SUPPLIED RECORDS >>
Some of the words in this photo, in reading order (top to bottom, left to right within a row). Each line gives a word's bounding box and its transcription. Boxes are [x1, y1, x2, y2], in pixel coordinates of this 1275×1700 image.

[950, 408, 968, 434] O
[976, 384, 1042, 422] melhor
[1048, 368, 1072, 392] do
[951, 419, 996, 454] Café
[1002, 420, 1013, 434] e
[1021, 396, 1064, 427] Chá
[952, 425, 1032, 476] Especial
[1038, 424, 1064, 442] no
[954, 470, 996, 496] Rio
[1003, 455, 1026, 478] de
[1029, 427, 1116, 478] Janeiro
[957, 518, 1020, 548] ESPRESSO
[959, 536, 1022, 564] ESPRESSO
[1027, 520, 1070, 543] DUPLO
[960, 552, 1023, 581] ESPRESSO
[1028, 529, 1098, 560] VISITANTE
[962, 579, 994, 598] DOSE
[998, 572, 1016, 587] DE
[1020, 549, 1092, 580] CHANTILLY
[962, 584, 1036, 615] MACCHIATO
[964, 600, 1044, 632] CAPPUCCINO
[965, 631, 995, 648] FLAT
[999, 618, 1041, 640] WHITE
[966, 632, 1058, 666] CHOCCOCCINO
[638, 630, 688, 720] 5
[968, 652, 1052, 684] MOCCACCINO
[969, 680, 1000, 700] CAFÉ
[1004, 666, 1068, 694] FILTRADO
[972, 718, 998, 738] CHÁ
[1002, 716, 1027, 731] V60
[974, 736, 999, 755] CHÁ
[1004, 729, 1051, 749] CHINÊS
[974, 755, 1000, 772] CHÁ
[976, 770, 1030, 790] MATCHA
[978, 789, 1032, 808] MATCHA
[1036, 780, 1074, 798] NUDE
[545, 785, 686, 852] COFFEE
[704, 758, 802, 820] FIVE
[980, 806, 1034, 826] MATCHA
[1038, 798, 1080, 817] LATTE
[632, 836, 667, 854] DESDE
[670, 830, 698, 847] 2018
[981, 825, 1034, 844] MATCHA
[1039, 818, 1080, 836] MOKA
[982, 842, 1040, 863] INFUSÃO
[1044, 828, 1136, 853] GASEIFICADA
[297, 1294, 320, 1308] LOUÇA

EXERCISE GOAL >> Copy out the records once more, exactly as they are written.

TASK RESULT >>
Some of the words in this photo, in reading order (top to bottom, left to right within a row). Each line gives a word's bounding box and its transcription. Boxes are [x1, y1, x2, y2], in pixel coordinates of this 1275×1700 image.

[950, 408, 968, 434] O
[976, 384, 1042, 422] melhor
[1048, 368, 1072, 392] do
[951, 419, 996, 454] Café
[1002, 420, 1013, 434] e
[1021, 396, 1064, 427] Chá
[952, 425, 1032, 476] Especial
[1038, 424, 1064, 442] no
[954, 470, 996, 496] Rio
[1003, 455, 1026, 478] de
[1029, 427, 1116, 478] Janeiro
[957, 518, 1020, 548] ESPRESSO
[959, 536, 1022, 564] ESPRESSO
[1027, 520, 1070, 543] DUPLO
[960, 552, 1023, 581] ESPRESSO
[1028, 529, 1098, 560] VISITANTE
[962, 579, 994, 598] DOSE
[998, 572, 1016, 587] DE
[1020, 549, 1092, 580] CHANTILLY
[962, 584, 1036, 615] MACCHIATO
[964, 600, 1044, 632] CAPPUCCINO
[965, 631, 995, 648] FLAT
[999, 618, 1041, 640] WHITE
[966, 632, 1058, 666] CHOCCOCCINO
[638, 630, 688, 720] 5
[968, 652, 1052, 684] MOCCACCINO
[969, 680, 1000, 700] CAFÉ
[1004, 666, 1068, 694] FILTRADO
[972, 718, 998, 738] CHÁ
[1002, 716, 1027, 731] V60
[974, 736, 999, 755] CHÁ
[1004, 729, 1051, 749] CHINÊS
[974, 755, 1000, 772] CHÁ
[976, 770, 1030, 790] MATCHA
[978, 789, 1032, 808] MATCHA
[1036, 780, 1074, 798] NUDE
[545, 785, 686, 852] COFFEE
[704, 758, 802, 820] FIVE
[980, 806, 1034, 826] MATCHA
[1038, 798, 1080, 817] LATTE
[632, 836, 667, 854] DESDE
[670, 830, 698, 847] 2018
[981, 825, 1034, 844] MATCHA
[1039, 818, 1080, 836] MOKA
[982, 842, 1040, 863] INFUSÃO
[1044, 828, 1136, 853] GASEIFICADA
[297, 1294, 320, 1308] LOUÇA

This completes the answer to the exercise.